- _Task details_
Up to the line containing "this 1659×2212 image.", nothing is kept; from that line through the end of the data below, output every line exactly.

[Saved entries]
::::::::::

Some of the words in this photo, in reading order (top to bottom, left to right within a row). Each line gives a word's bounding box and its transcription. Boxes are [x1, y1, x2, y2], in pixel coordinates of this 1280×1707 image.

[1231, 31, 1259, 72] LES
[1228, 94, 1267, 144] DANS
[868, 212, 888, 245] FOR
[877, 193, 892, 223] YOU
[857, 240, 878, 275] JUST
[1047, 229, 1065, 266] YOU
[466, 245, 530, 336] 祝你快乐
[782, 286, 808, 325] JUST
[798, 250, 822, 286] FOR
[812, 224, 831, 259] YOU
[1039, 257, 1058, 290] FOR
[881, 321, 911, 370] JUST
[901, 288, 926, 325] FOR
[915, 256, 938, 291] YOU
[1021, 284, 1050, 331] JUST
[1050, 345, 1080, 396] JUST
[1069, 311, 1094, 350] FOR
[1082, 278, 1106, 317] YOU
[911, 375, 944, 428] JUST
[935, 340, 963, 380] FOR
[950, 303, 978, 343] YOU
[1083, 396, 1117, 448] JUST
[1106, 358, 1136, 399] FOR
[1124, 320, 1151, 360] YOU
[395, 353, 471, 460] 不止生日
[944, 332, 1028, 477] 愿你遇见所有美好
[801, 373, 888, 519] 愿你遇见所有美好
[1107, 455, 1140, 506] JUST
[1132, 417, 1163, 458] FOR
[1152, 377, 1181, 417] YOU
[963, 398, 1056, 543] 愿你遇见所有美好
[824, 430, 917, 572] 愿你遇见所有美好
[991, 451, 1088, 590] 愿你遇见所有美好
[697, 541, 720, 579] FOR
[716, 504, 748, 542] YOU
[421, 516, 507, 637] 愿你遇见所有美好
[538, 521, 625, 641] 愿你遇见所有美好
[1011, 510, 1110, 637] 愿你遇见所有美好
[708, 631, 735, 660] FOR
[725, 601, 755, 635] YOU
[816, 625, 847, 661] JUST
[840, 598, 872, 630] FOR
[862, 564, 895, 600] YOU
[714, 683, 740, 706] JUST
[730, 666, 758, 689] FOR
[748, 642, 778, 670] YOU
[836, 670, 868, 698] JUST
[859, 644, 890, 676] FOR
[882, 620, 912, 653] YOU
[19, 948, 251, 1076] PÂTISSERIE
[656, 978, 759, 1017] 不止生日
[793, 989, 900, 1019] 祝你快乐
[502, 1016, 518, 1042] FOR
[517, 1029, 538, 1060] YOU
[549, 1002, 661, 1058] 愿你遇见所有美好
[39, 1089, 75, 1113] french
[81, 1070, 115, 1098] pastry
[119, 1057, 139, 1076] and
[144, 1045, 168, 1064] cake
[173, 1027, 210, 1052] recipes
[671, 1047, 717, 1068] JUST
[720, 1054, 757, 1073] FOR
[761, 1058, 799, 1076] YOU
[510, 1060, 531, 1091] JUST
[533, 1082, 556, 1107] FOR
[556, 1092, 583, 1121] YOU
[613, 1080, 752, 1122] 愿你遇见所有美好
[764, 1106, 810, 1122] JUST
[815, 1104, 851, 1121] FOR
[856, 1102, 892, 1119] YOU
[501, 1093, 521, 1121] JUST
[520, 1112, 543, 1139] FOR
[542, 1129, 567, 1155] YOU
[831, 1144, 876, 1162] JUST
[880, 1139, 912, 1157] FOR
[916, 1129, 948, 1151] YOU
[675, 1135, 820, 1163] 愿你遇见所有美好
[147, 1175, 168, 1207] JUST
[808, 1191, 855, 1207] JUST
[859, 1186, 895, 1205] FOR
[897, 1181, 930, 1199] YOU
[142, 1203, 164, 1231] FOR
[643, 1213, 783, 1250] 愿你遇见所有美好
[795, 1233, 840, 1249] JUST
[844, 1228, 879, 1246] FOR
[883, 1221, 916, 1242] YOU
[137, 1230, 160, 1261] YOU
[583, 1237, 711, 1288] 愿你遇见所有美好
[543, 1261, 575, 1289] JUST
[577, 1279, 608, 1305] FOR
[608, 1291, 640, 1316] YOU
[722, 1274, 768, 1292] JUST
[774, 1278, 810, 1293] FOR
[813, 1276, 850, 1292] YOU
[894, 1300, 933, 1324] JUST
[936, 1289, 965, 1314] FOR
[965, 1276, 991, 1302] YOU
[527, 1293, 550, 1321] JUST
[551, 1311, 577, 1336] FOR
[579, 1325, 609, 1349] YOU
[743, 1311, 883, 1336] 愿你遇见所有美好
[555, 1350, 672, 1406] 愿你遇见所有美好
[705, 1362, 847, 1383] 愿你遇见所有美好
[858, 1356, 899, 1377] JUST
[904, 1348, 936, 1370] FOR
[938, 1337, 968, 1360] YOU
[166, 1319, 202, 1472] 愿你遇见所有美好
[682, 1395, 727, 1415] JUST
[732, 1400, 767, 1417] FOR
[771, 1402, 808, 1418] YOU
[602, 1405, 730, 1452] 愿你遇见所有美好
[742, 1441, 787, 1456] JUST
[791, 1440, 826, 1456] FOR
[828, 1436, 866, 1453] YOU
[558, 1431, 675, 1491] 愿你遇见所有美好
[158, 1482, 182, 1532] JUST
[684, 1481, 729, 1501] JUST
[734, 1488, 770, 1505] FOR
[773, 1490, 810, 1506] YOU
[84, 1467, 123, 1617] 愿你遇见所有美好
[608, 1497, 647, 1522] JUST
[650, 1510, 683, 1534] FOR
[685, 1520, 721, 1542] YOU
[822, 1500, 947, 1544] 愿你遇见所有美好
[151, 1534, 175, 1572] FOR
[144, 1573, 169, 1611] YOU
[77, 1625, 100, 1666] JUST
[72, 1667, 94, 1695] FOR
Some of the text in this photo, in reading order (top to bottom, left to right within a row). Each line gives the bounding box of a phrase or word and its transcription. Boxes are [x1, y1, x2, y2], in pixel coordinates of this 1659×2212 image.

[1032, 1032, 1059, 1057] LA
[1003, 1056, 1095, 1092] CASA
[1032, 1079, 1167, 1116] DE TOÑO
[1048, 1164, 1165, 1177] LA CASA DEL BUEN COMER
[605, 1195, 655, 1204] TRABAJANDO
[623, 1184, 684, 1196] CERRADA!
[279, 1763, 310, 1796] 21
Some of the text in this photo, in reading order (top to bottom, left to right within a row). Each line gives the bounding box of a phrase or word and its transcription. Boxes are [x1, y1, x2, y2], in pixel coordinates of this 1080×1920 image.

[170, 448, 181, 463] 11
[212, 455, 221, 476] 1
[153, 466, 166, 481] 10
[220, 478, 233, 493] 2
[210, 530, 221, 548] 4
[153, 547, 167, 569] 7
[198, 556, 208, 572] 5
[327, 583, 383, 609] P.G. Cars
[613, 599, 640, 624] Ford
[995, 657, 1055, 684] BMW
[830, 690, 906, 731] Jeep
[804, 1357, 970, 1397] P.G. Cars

::::::::::

- _Exercise response_
Some of the text in this photo, in reading order (top to bottom, left to right within a row). Each line gives the bounding box of a phrase or word and its transcription. Boxes are [x1, y1, x2, y2], in pixel coordinates of this 1659×2212 image.

[1032, 1032, 1059, 1057] LA
[1003, 1056, 1095, 1092] CASA
[1032, 1079, 1167, 1116] DE TOÑO
[1048, 1164, 1165, 1177] LA CASA DEL BUEN COMER
[605, 1195, 655, 1204] TRABAJANDO
[623, 1184, 684, 1196] CERRADA!
[279, 1763, 310, 1796] 21
Some of the text in this photo, in reading order (top to bottom, left to right within a row). Each line gives the bounding box of a phrase or word and its transcription. Boxes are [x1, y1, x2, y2], in pixel coordinates of this 1080×1920 image.

[170, 448, 181, 463] 11
[212, 455, 221, 476] 1
[153, 466, 166, 481] 10
[220, 478, 233, 493] 2
[210, 530, 221, 548] 4
[153, 547, 167, 569] 7
[198, 556, 208, 572] 5
[327, 583, 383, 609] P.G. Cars
[613, 599, 640, 624] Ford
[995, 657, 1055, 684] BMW
[830, 690, 906, 731] Jeep
[804, 1357, 970, 1397] P.G. Cars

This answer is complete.